Mato Grosso do Sul vive um novo momento na piscicultura, com crescimento acelerado e mudança estratégica que vai além da produção primária. Dados apresentados durante o Encontro Técnico de Piscicultura, na Expogrande 2026, apontam que o Estado está consolidando sua posição como um dos principais polos nacionais, com foco na industrialização e na exportação.
Atualmente, o Estado já ocupa a 6ª posição na produção de tilápia no Brasil, tendo como destaque o município de Selvíria, responsável por 9,71 mil toneladas, seguido por Mundo Novo e Dourados. O avanço é impulsionado pela profissionalização do setor e pela abertura de mercados internacionais.
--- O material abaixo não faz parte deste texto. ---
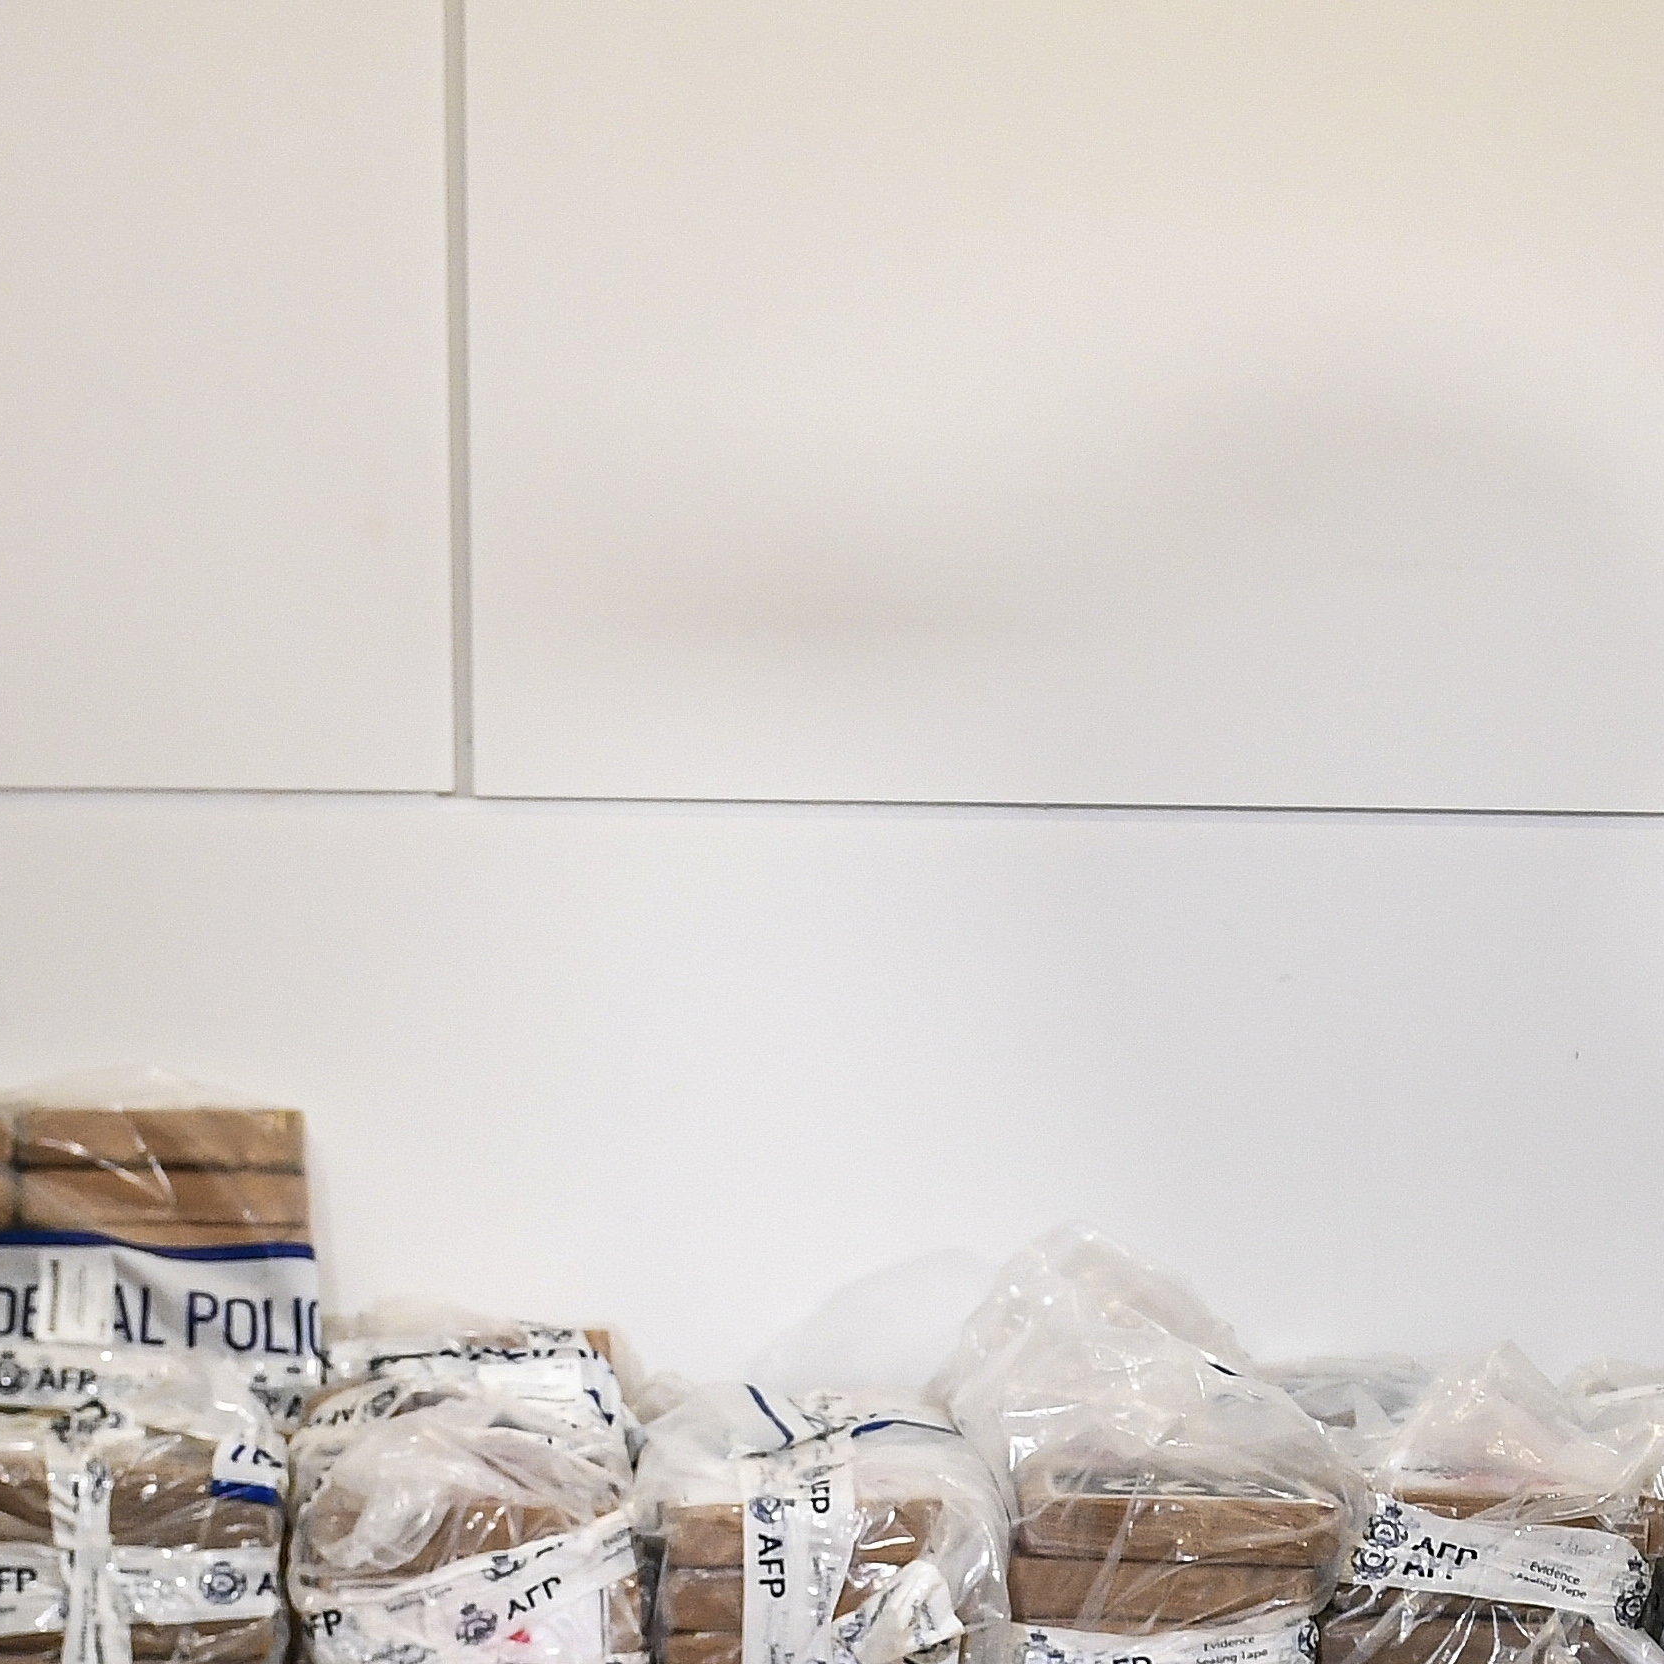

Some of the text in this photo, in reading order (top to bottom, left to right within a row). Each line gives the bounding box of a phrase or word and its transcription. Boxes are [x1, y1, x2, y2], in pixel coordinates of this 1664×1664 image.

Segundo a economista Bruna Mendes Dias, o cenário é de transformação estrutural. “O mercado de pescado atravessa uma mudança estrutural clara, onde a produção controlada via aquicultura substitui a pesca extrativa. A tilápia hoje é uma commodity global, e o MS está pronto para essa demanda”, afirmou.
A mudança mais significativa está no perfil das exportações. Se antes o Estado comercializava principalmente peixe fresco, agora a aposta está em produtos processados, como filés congelados. Em 2025, os Estados Unidos concentraram praticamente toda a demanda externa, com 99,96% das exportações sul-mato-grossenses, somando mais de US$ 1,3 milhão.
Para especialistas, o futuro da piscicultura no Estado está diretamente ligado à agroindústria. “A oportunidade está na agregação de valor. A margem de lucro dependerá cada vez mais da eficiência e da capacidade de industrialização dentro da cadeia produtiva”, destacou Bruna.
O crescimento também acompanha uma tendência global. A piscicultura brasileira ultrapassou a marca de 1 milhão de toneladas em 2025, com a tilápia representando cerca de 70% da produção. A demanda mundial por pescado deve continuar em alta, com projeção de aumento de 735 mil toneladas até 2055.
Além da tilápia, Mato Grosso do Sul também se destaca na produção de espécies nativas. O Estado ocupa a 6ª posição na produção de pacu e patinga, liderada por Ponta Porã, e a 11ª colocação em pintado e cachara, com destaque para Rio Brilhante.
Com esse cenário, o Estado reforça sua estratégia de se tornar uma potência agroambiental, aliando crescimento econômico, sustentabilidade e inserção competitiva no mercado internacional de proteína animal.